> _Prompt_
Each record needs to be retyped exactly, though its pictures should not appear.
_ _ _
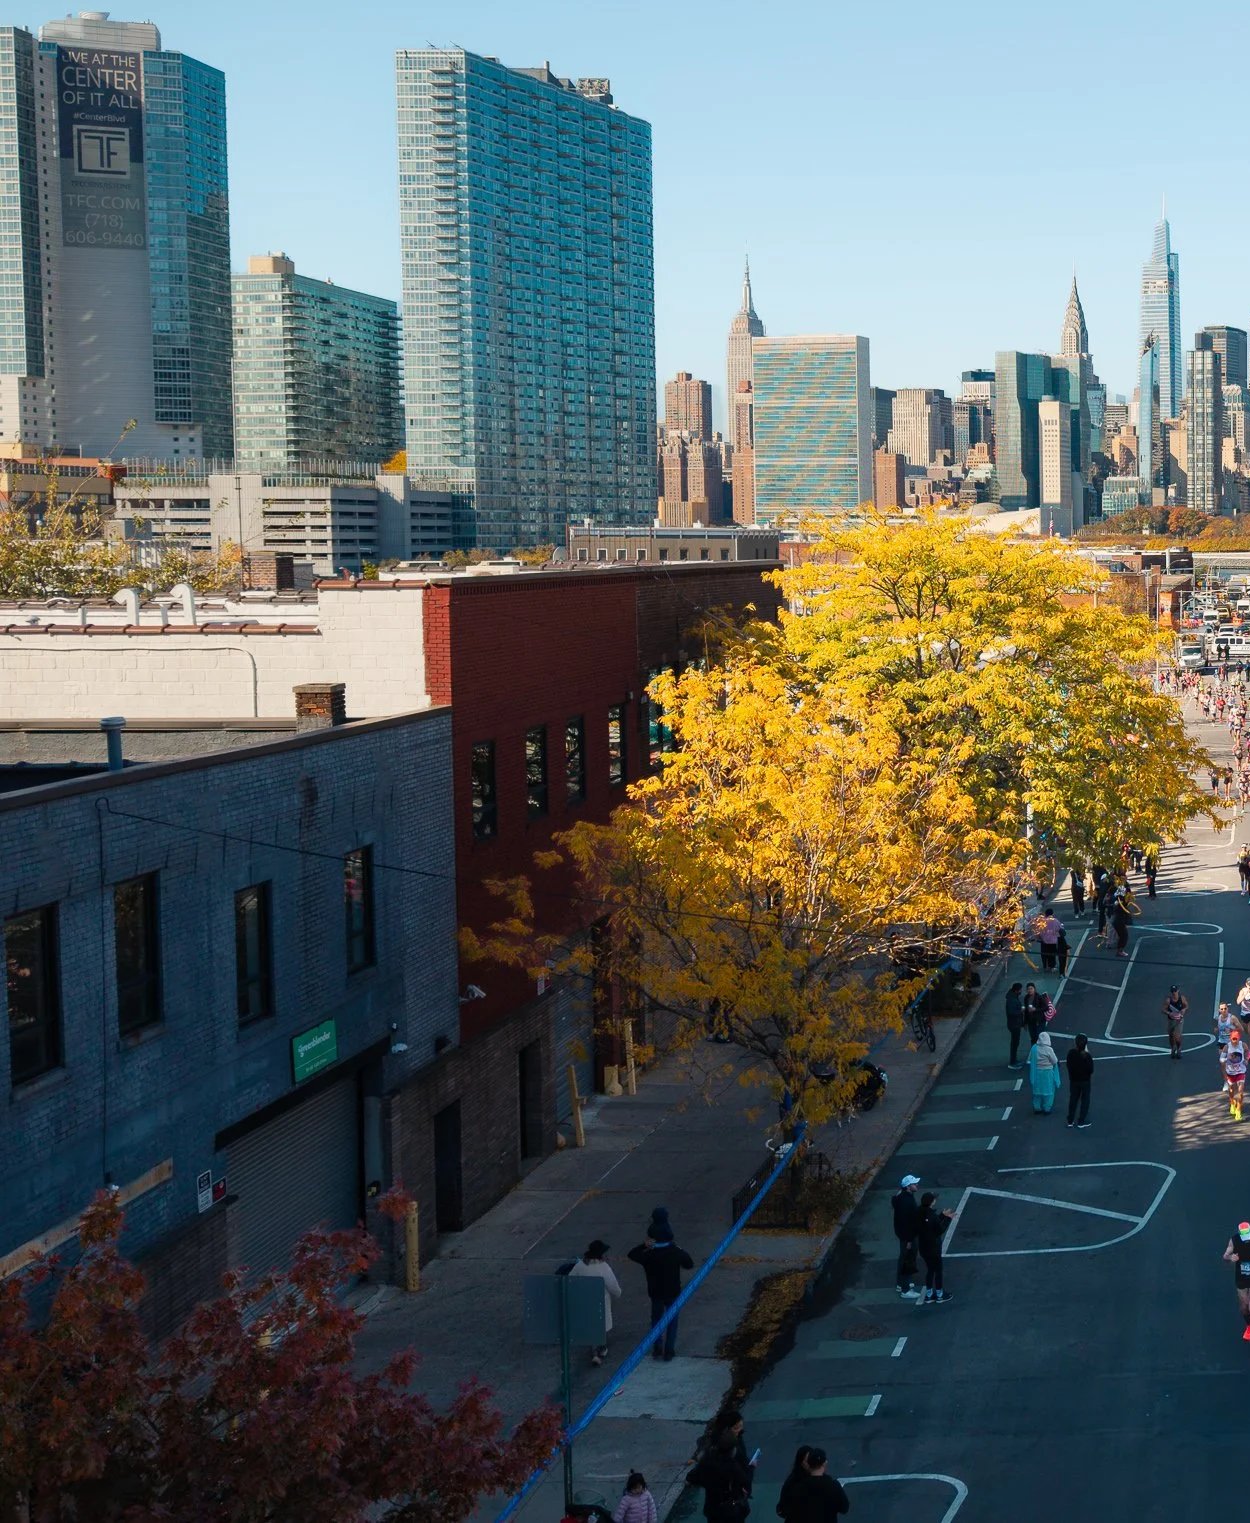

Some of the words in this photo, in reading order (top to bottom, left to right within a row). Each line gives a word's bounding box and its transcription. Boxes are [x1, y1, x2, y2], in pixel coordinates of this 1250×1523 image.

[62, 51, 88, 64] LIVE
[92, 53, 108, 65] AT
[110, 55, 135, 68] THE
[62, 67, 137, 91] CENTER
[62, 90, 86, 105] OF
[91, 92, 104, 106] IT
[109, 94, 138, 109] ALL
[73, 112, 126, 123] #CenterBlvd
[65, 194, 140, 211] TFC.COM
[85, 213, 123, 230] (718)
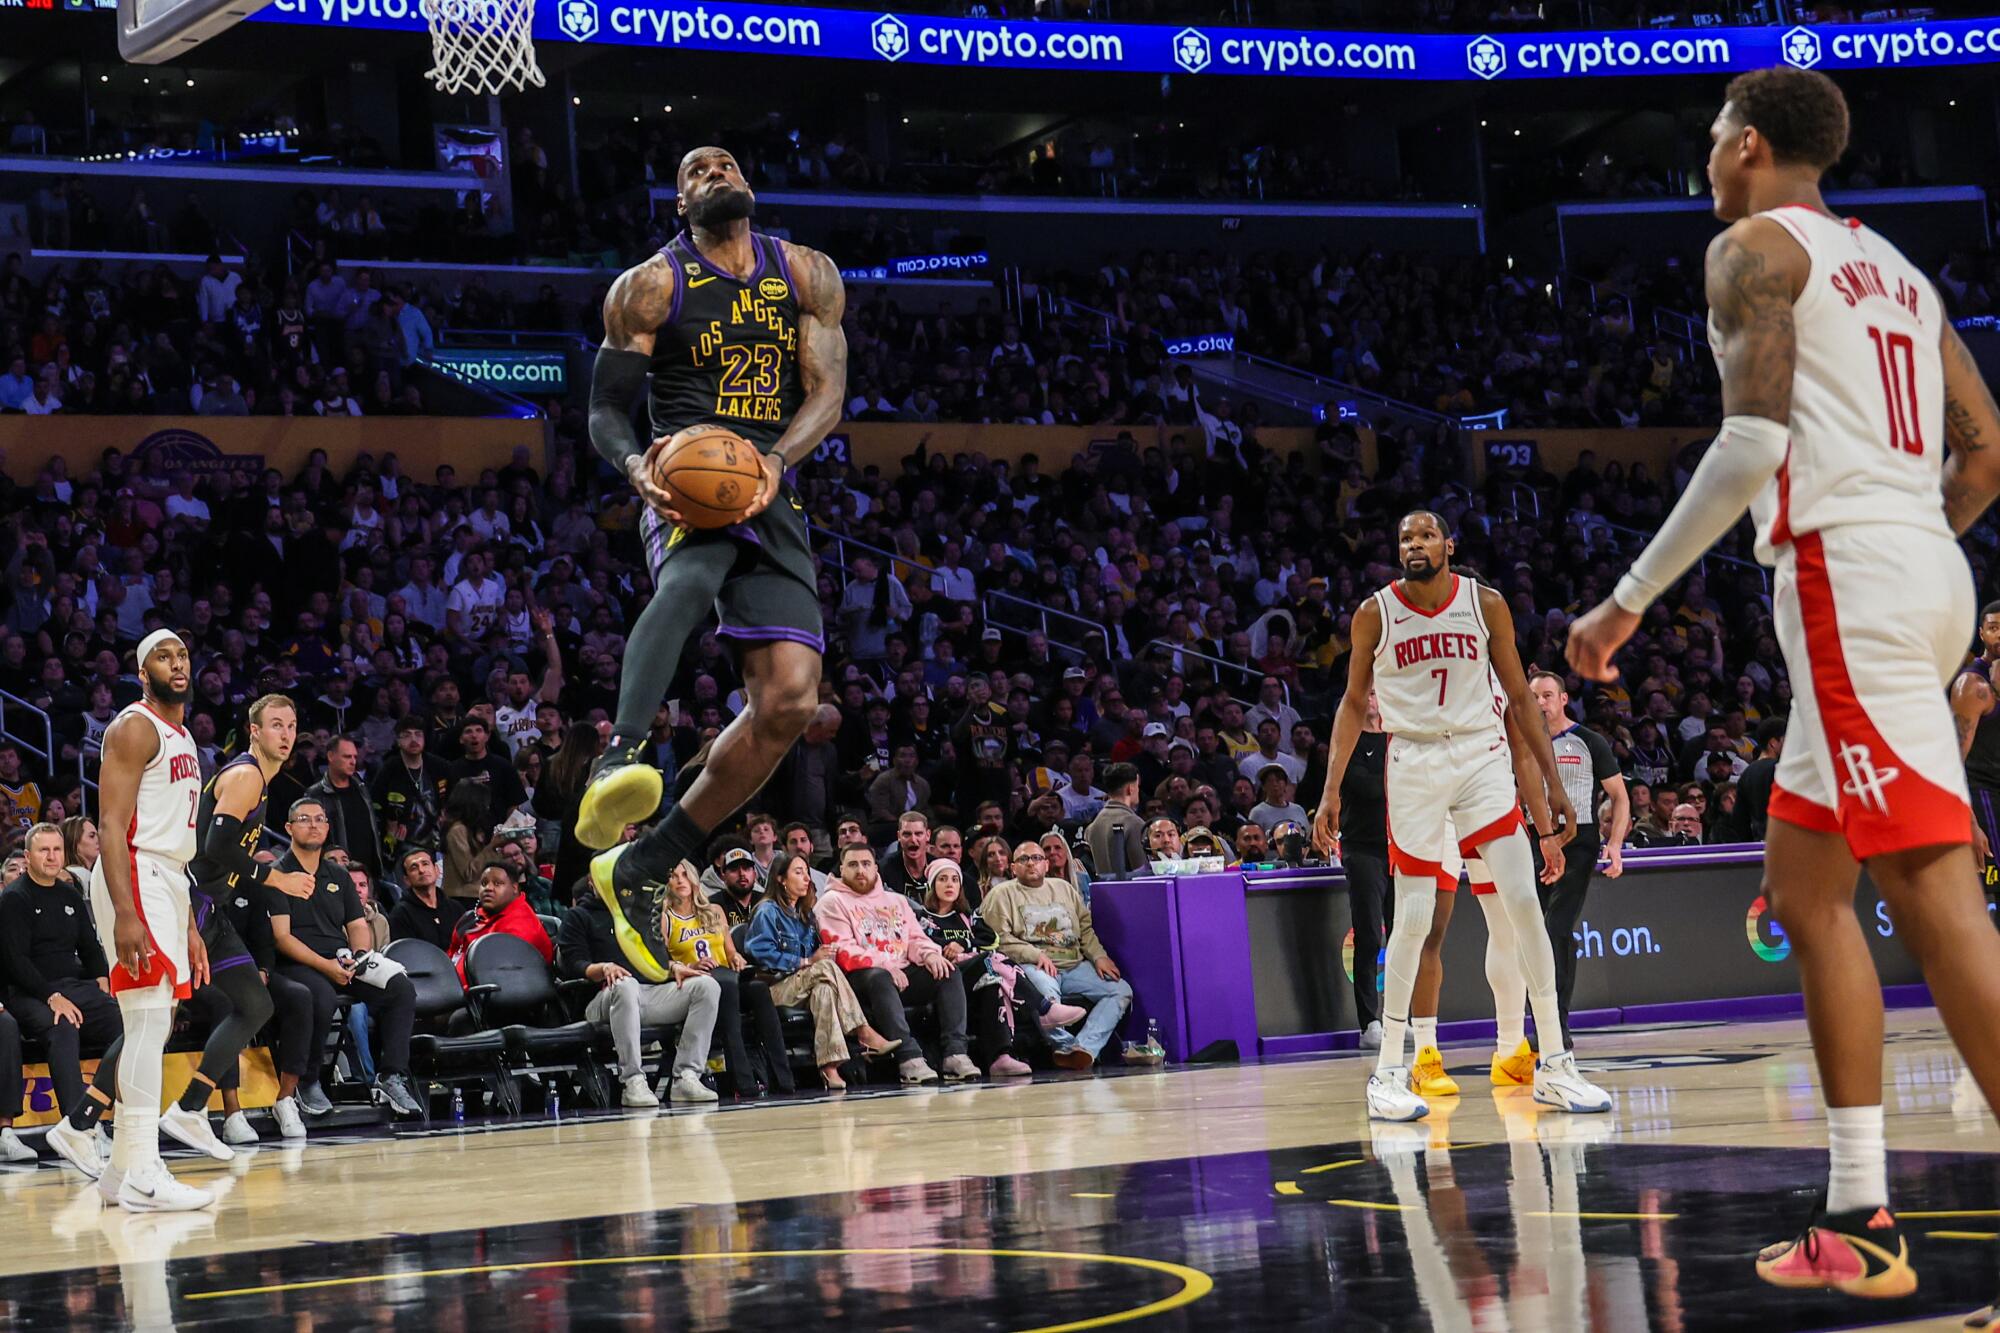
_ _ _
> _Answer to this problem_
Some of the words in this photo, in reading order (top to bottom, left to right within a row). Each line gives a word's bounding box and its transcription. Boxes are [x1, y1, x2, y2], in pixel coordinates of this 1250×1523 image.

[62, 51, 88, 64] LIVE
[92, 53, 108, 65] AT
[110, 55, 135, 68] THE
[62, 67, 137, 91] CENTER
[62, 90, 86, 105] OF
[91, 92, 104, 106] IT
[109, 94, 138, 109] ALL
[73, 112, 126, 123] #CenterBlvd
[65, 194, 140, 211] TFC.COM
[85, 213, 123, 230] (718)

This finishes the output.